The tündük crown ring sits at the centre of the Kyrgyz national flag, surrounded by 40 rays representing the 40 nomad tribes from the epic of Manas — the founding myth of the Kyrgyz people. The moment the tündük is hoisted during yurt assembly is considered a symbol of peace and fortune.
When you buy a Tündük yurt, you bring a symbol of national identity into your space — one that carries meaning far beyond architecture.
"The tündük represents the cosmic order — the sun above, the family below, the 40 tribes surrounding them."
— Kyrgyz cultural traditionThe Village
On the southern shore of Lake Issyk-Kul — one of the world's largest alpine lakes — sits the village of Kyzyl-Tuu. Here, almost every family is engaged in yurt-making. Not as a side business. As a way of life inherited across generations.
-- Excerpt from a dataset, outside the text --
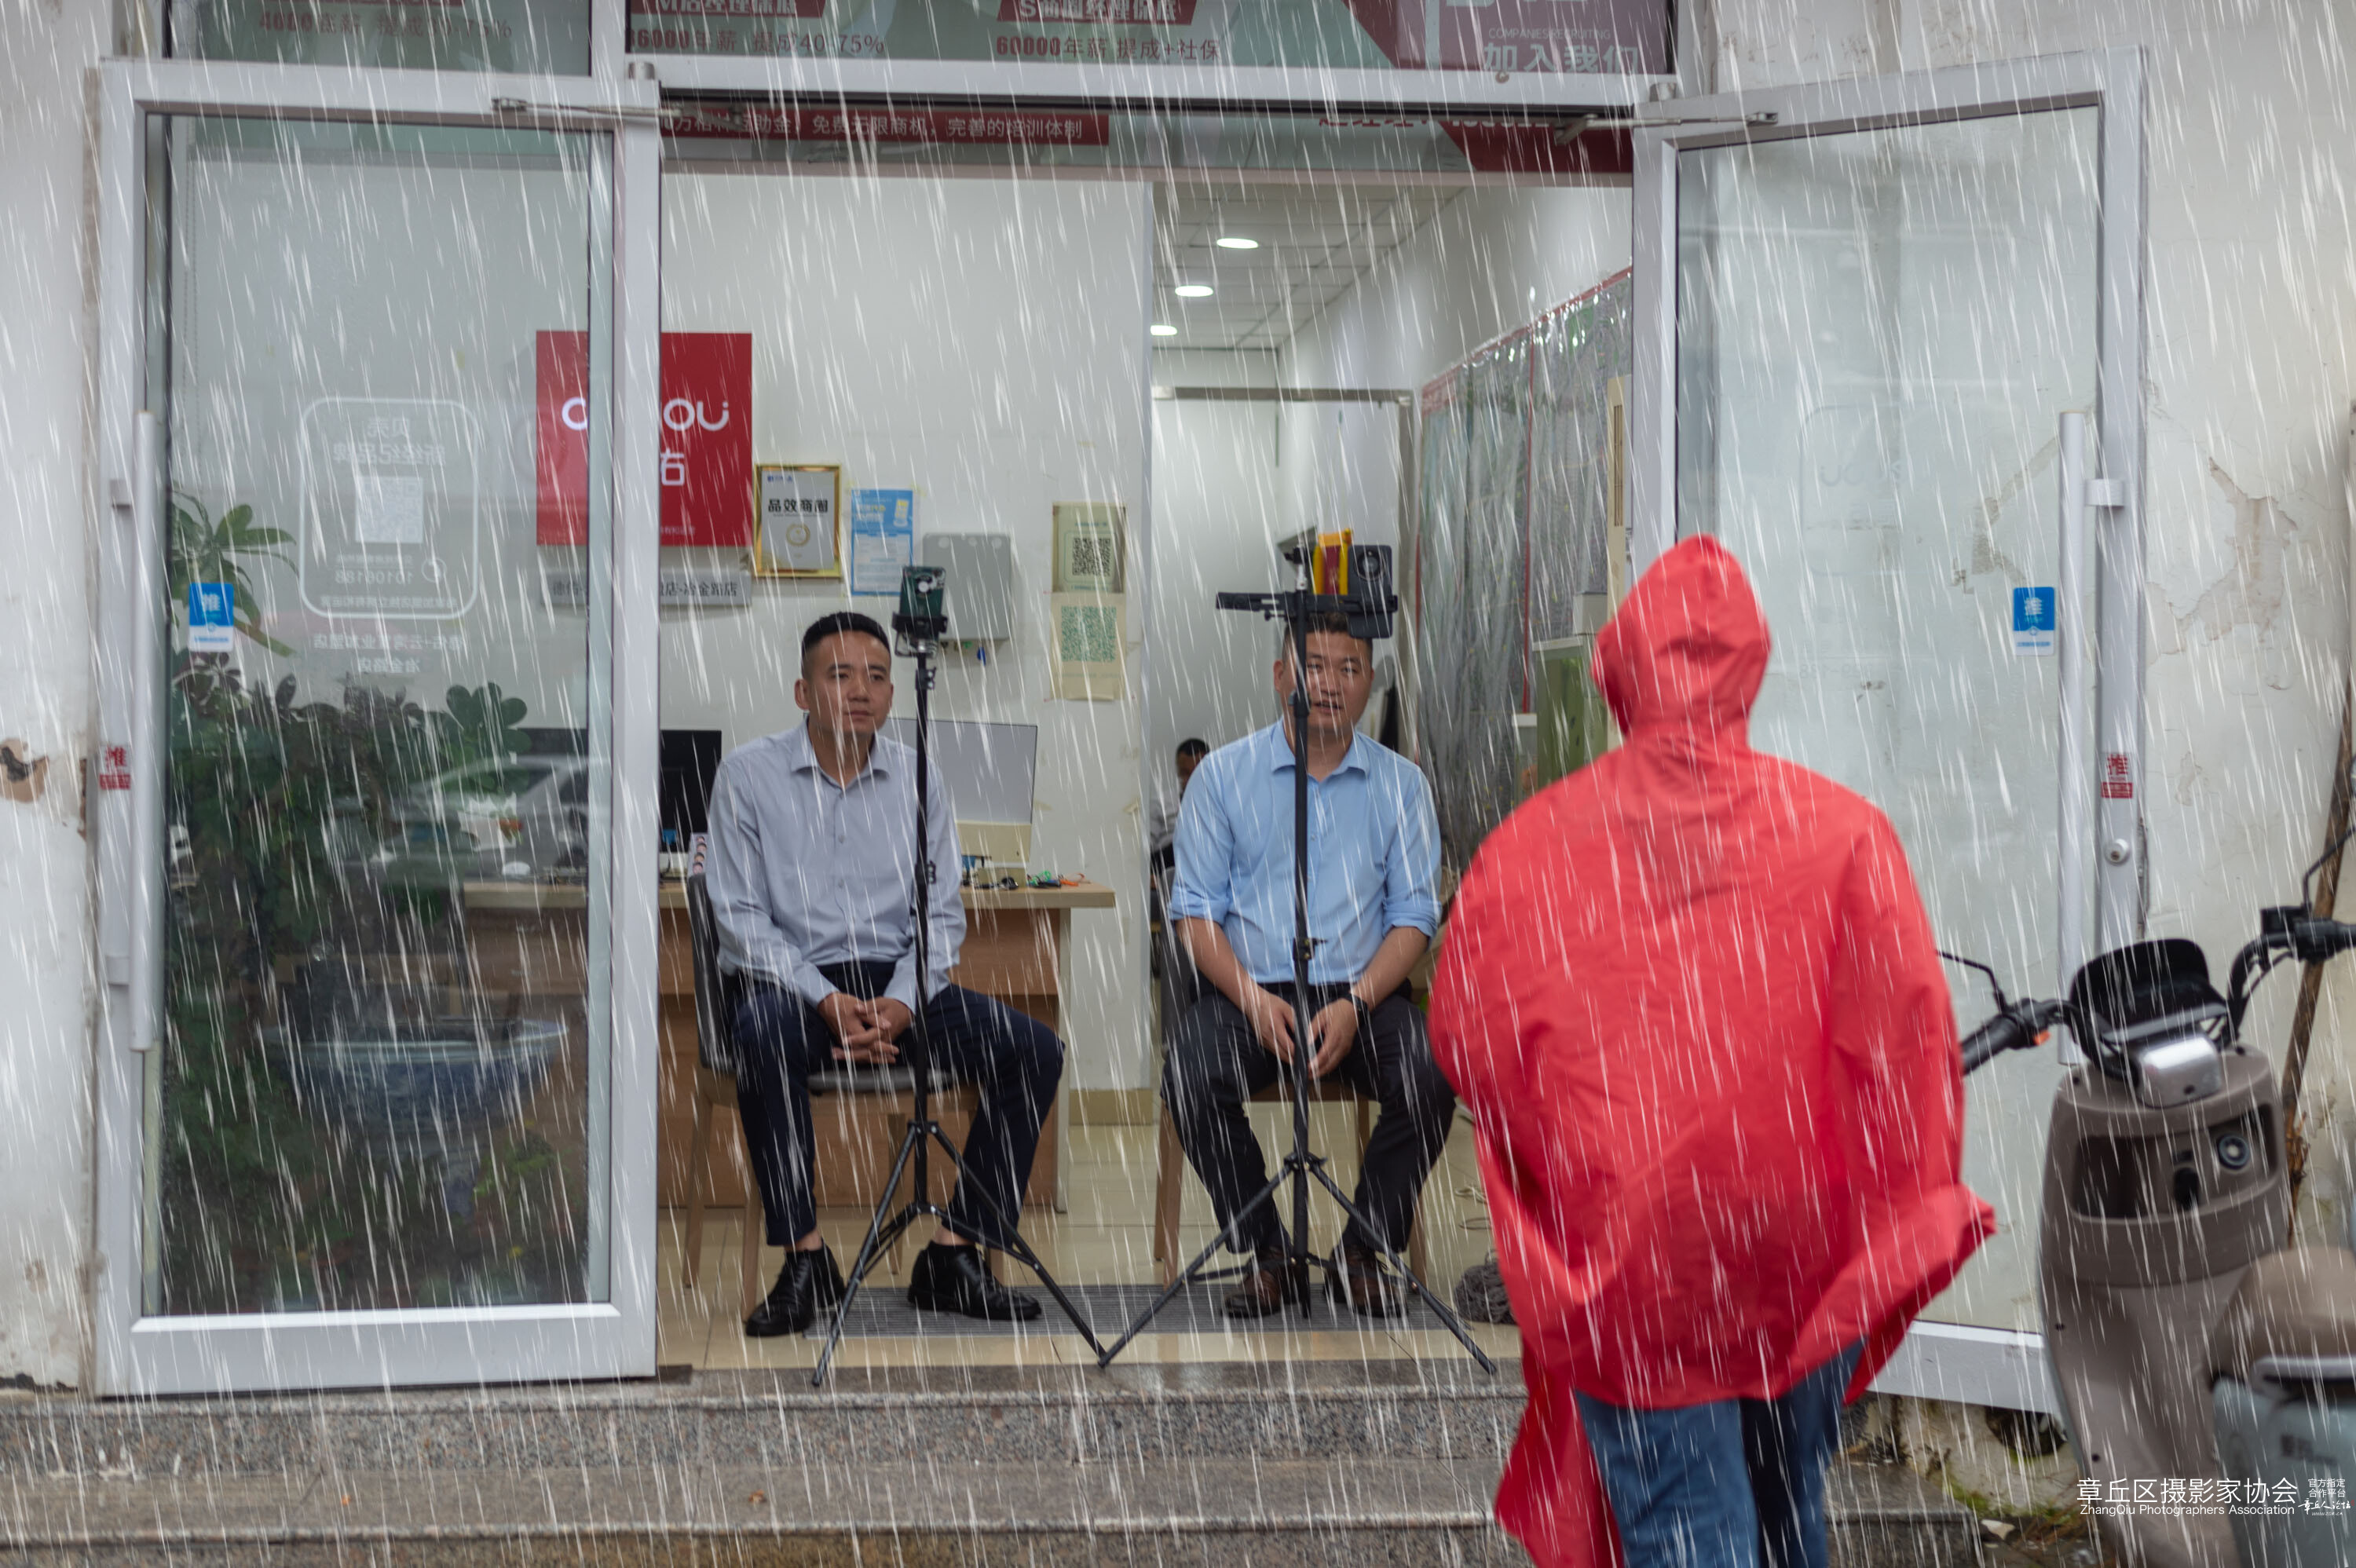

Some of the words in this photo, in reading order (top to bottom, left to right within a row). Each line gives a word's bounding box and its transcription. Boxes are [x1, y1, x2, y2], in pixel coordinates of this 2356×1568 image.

The village is the acknowledged global centre of Kyrgyz yurt production. During the Soviet era, a cooperative formalized the training and production here. Today, with rising orders from Europe, North America, and beyond, the economic incentives for the trade are growing — and the craft with them.
Kyrgyzstan preserves nearly all known felt-making techniques — a depth of craft knowledge unmatched anywhere on earth. Other countries retain one or two methods; Kyrgyzstan retains them all.
Every Tündük yurt is sourced directly from Kyzyl-Tuu master craftsmen. No intermediaries. No factories. We know the people who build your yurt by name.
Kyzyl-Tuu · Issyk-Kul Oblast · Kyrgyzstan
In 2014, traditional knowledge and skills in making Kyrgyz and Kazakh yurts were inscribed on UNESCO's Representative List of the Intangible Cultural Heritage of Humanity — one of the most significant cultural recognitions in the world. The inscription was expanded in December 2025 to include Karakalpak yurts, jointly nominated by Kazakhstan, Kyrgyzstan, and Uzbekistan.
This is not a certificate on a wall. It is formal global recognition that the living practice of yurt-making — the knowledge, the techniques, the intergenerational transmission — is part of humanity's shared cultural heritage and must be preserved.
"For the Kyrgyz, Kazakhs and Karakalpaks, the yurt is not only a dwelling and a model of the universe, but also a symbol of their national identity."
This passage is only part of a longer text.